The possible values are 10-20, both inclusive
default=12
--filterCount <int> This is used for initial filtering. This must be set to 1,
if index is created with split set of reads.
default=2
--threads <int> Number of threads for parallel run
default=1
--minOlapLen <int> Minimum Overlap length
default=100
--minStoreLen <int> Minimum read length. Overlap of two smaller reads is ignored
default=100
--minMatches <int> Minimum number of matches to be considered for alignment
default=3
--maxKmerHits <int> The maximum number of repeat kmers
default=10000
--errorRate <float> Error rate.

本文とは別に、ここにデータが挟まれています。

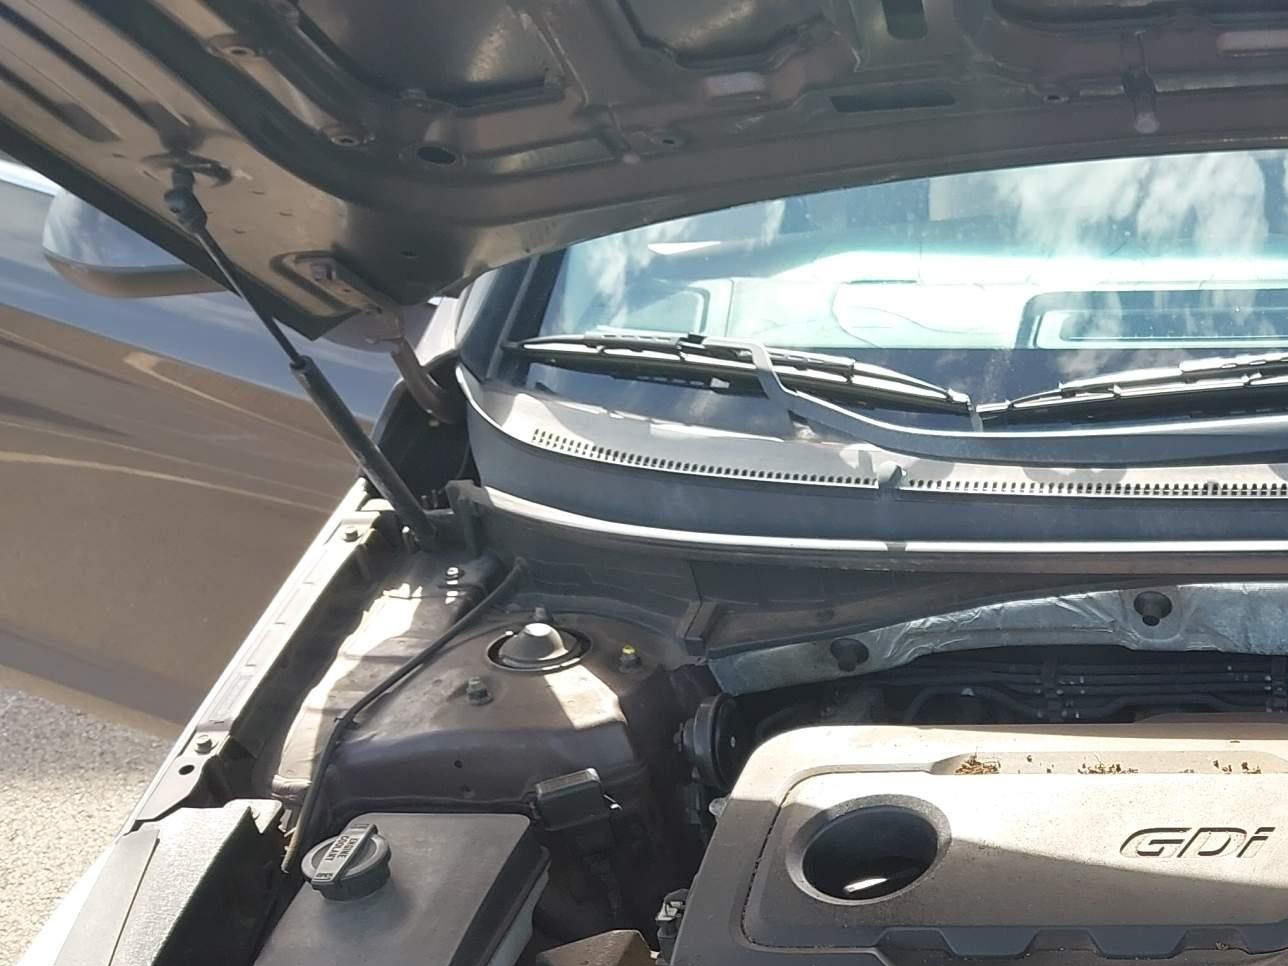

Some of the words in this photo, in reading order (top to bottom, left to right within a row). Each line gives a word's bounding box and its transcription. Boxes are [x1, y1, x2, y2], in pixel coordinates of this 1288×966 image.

[325, 836, 349, 861] COOLANT
[337, 838, 359, 859] ENGINE
[1119, 826, 1276, 858] GDi

Valid values are 0-1 percent
default=0.15
--maxShift <float> The value of shift to accomodate indels. Valid values
are 0-1 percent
default=0.20
パスを通しておく。
HISEAのgithubページはこちら
https://github.com/lucian-ilie/HISEA
ラン
hisea --self --kmerLen 16 --minStoreLen 100 --minOlapLen 100 --ref reerence.fa --query pacbio.fq --threads 10 > output
- --self no_arg Align set of reads with itself. Use only --ref option
- --kmerLen <int> This is the kmer length used for initial hashing. The possible values are 10-20, both inclusive default=16
- --minOlapLen <int> Minimum Overlap length default=100
- --threads <int> Number of threads for parallel run default=1
- --minStoreLen <int> Minimum read length. Overlap of two smaller reads is ignored default=100
- --ref <file/dir> The name of the reference fasta/fastq file or directory containing these files
- --query <file/dir> The name of the query fasta/fastq file or directory containing these files
- --threads <int> Number of threads for parallel run default=1
引用
HISEA: HIerarchical SEed Aligner for PacBio data.
Khiste N, Ilie L
BMC Bioinformatics. 2017 Dec 19;18(1):564.